Of course, it's all in the writing. Shakespeare has this genius to come up with magnificent, superb sentences as well as wise utterings even if the plot is not that good.

This is the case with Lear. I would read it again only to recreate the pleasure of simply reading it, but quite frankly the story is very strange. It is hard to call it a tragedy when you foolishly bring it about on yourself. Here, Lear stupidly and unnecessarily divides his kingdom among his three daughters, at least two of them spectacularly treacherous and mean, and then behaves exactly in the way that will make them mad and give them an excuse to dispose of him. What follows is, of course, a mess, with people showing their worst, except for poor Edgar, who suffers a lot while being innocent.

Don't get me wrong: the play is excellent and the literary quality of Shakespeare is well beyond praise. If you have never read him, do it and you'll see that people do not praise him only because everybody else does, but because he was truly good.

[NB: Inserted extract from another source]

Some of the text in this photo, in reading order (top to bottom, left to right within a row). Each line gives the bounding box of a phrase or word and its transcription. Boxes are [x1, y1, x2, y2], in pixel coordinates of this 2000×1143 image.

The plot is well known: Lear divides the kingdom, then puts up a stupid contest to see which one of his daughters expresses more love for him, and when Cordelia refuses to play the game, a set of horrible treasons and violent acts begins, until in the end bad guys die and good guys get some prize, at a terrible cost.

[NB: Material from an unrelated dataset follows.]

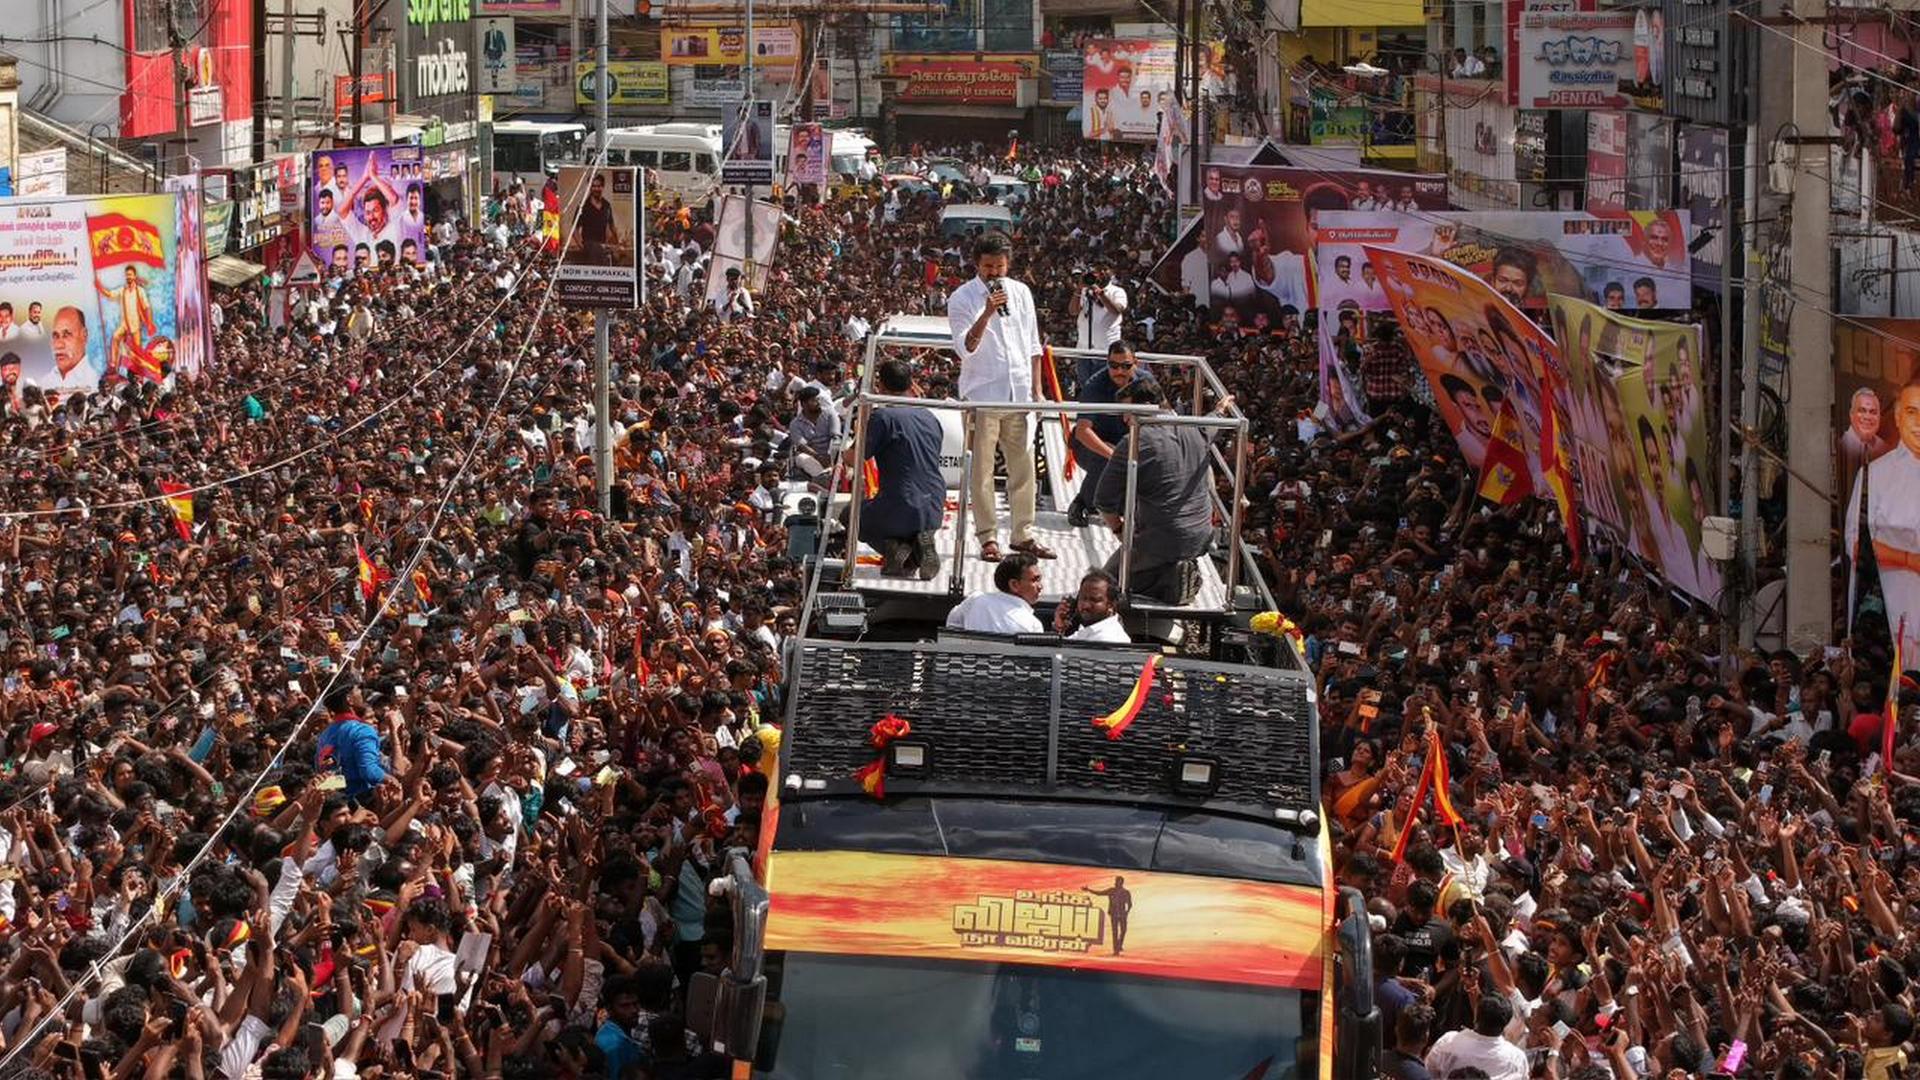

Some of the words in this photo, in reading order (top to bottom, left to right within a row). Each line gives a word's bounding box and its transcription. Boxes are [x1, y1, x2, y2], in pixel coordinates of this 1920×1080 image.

As a reading experience, it's one of the strongest you may find, and the plot is just an excuse for great writing.

but what's it all mean ?
One of the things you can assume when you write about Shakespeare--given the hundreds of thousands of pages that have already been written about him in countless books, essays, theses and term papers--is that whatever you say will have been said before, and then denounced, defended , revised and denounced again, ad infinitum. So I'm certain I'm not breaking any new ground here. King Lear, though many, including David Denby (see Orrin's review of Great Books) and Harold Bloom consider it the pinnacle of English Literature, has just never done much for me. I appreciate the power of the basic plot--an aging King divides his realm among his ungrateful children with disastrous results--which has resurfaced in works as varied as Jane Smiley's Pulitzer Prize-winning novel, A Thousand Acres (see Orrin's review), and Akira Kurosawa's last great film, Ran. But I've always found the play to be too busy, the characters to be too unsympathetic, the speeches to be unmemorable and the tragedy to be too shallow. By shallow, I mean that by the time we meet Lear he is already a petulant old man, we have to accept his greatness from the word of others. Then his first action in the play, the division of the kingdom, is so boneheaded and his reaction to Cordelia so selfishly blind, that we're unwilling to credit their word.

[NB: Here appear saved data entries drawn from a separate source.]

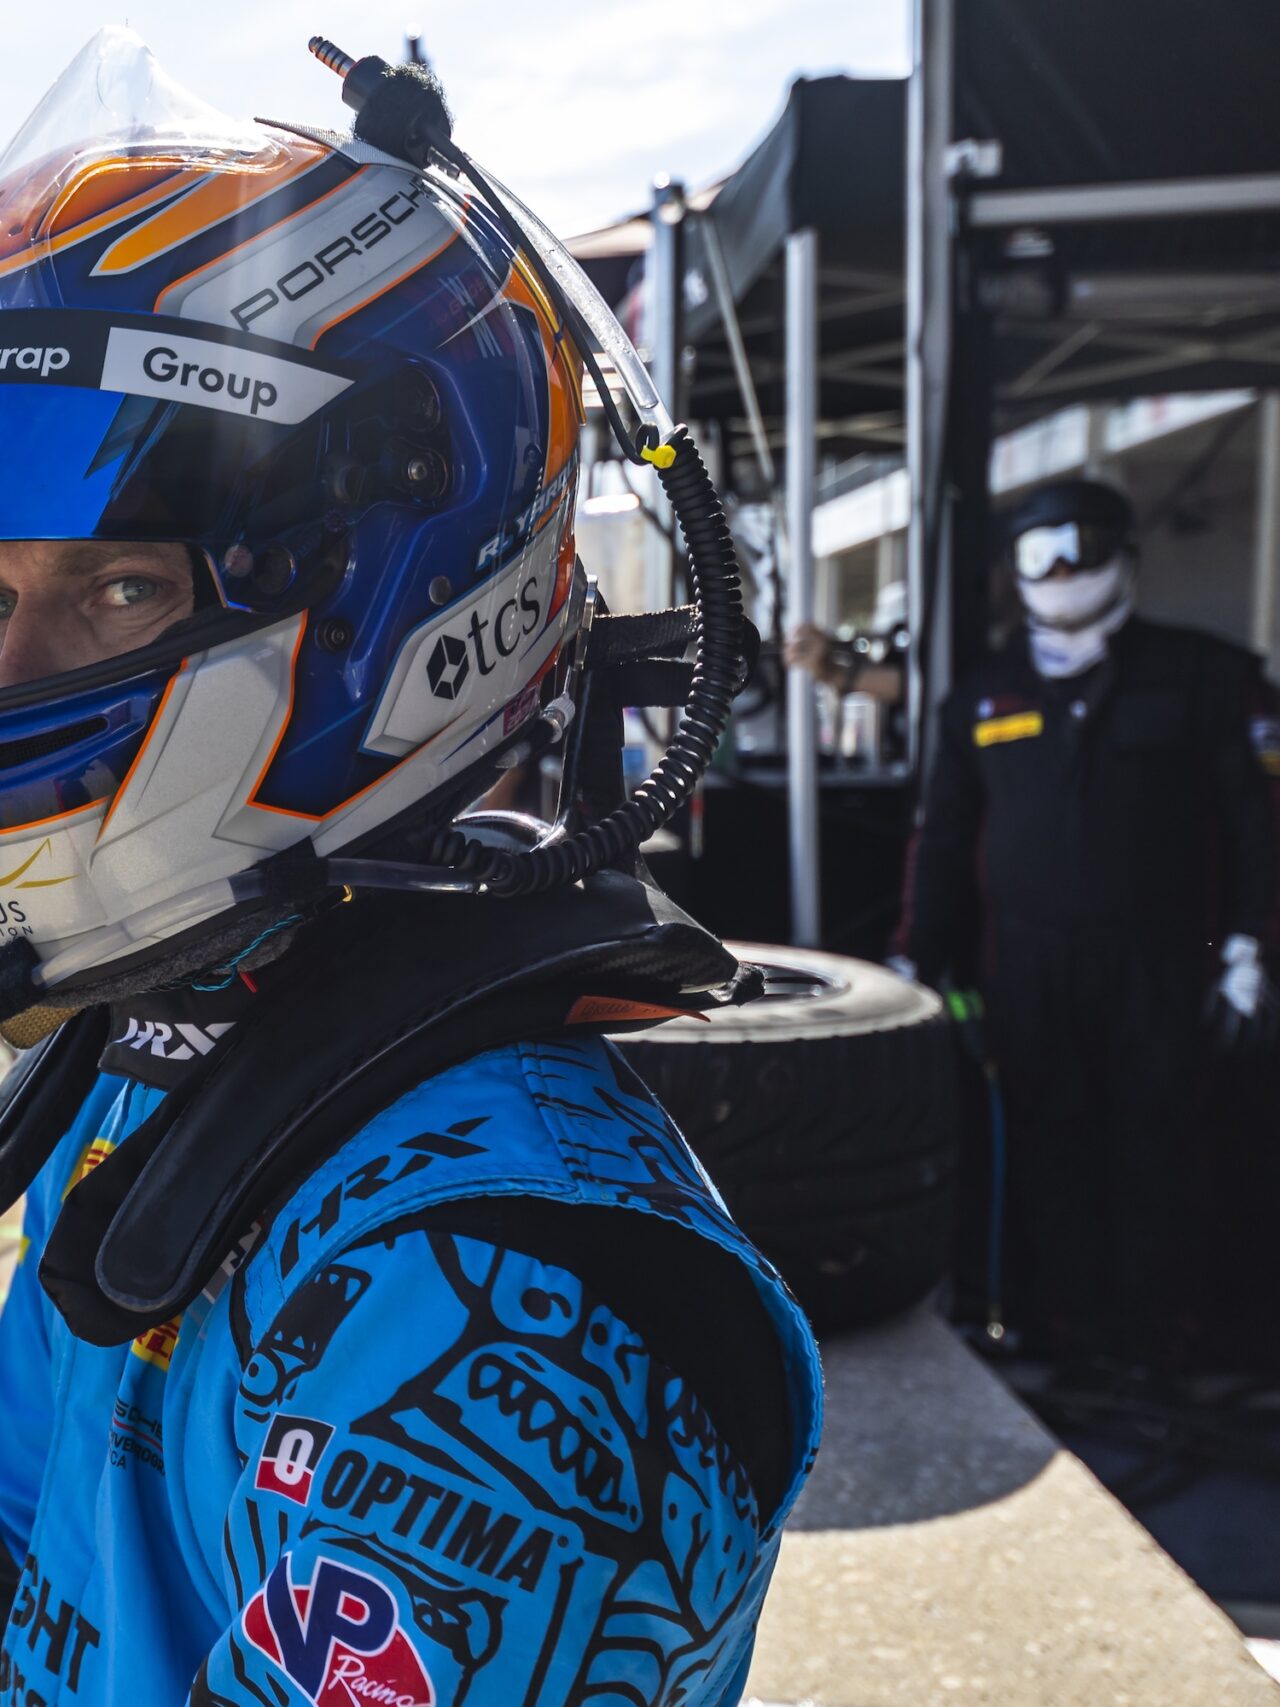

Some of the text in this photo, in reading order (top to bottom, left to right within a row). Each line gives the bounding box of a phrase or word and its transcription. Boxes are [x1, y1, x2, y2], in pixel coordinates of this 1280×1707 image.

[230, 177, 425, 331] PORSCH
[142, 346, 278, 409] Group
[467, 576, 541, 676] tcs
[114, 1017, 237, 1060] HRX
[280, 1116, 493, 1281] HRX
[321, 1449, 555, 1593] OPTIMA
[264, 1551, 399, 1702] VP

Then there's the fact that Shakespeare essentially uses the action of the play as a springboard for an examination of madness. The play was written during the period when Shakespeare was experimenting with obscure meanings anyway; add in the demented babble of several of the central characters, including Lear, and you've got a drama whose language is just about impossible to follow. Plus you've got seemingly random occurrences like the disappearance of the Fool and Edgar's pretending to help his father commit suicide. I am as enamored of the Bard as anyone, but it's just too much work for an author to ask of his audience trying to figure out what the heck they are all saying and what their actions are supposed to convey. So I long ago gave up trying to decipher the whole thing and I simply group it with the series of non-tragic tragedies (along with MacBeth, Hamlet, Julius Caesar), which I think taken together can be considered to make a unified political statement about the importance of the regular transfer of power in a state. Think about it for a moment; there's no real tragedy in what happens to Caesar, MacBeth, Hamlet or Lear; they've all proven themselves unfit for rule. Nor are the fates of those who usurp power from Caesar, Hamlet and Lear at all tragic, with the possible exception of Brutus, they pretty much get what they have coming to them. Instead, the real tragedy lies in the bloody chain of events that each illegitimate claiming of power unleashes. The implied message of these works, when considered as a unified whole, is that deviance from the orderly transfer of power leads to disaster for all concerned. (Of particular significance to this analysis in regards to King Lear is the fact that it was written in 1605, the year of the Gunpowder Plot.)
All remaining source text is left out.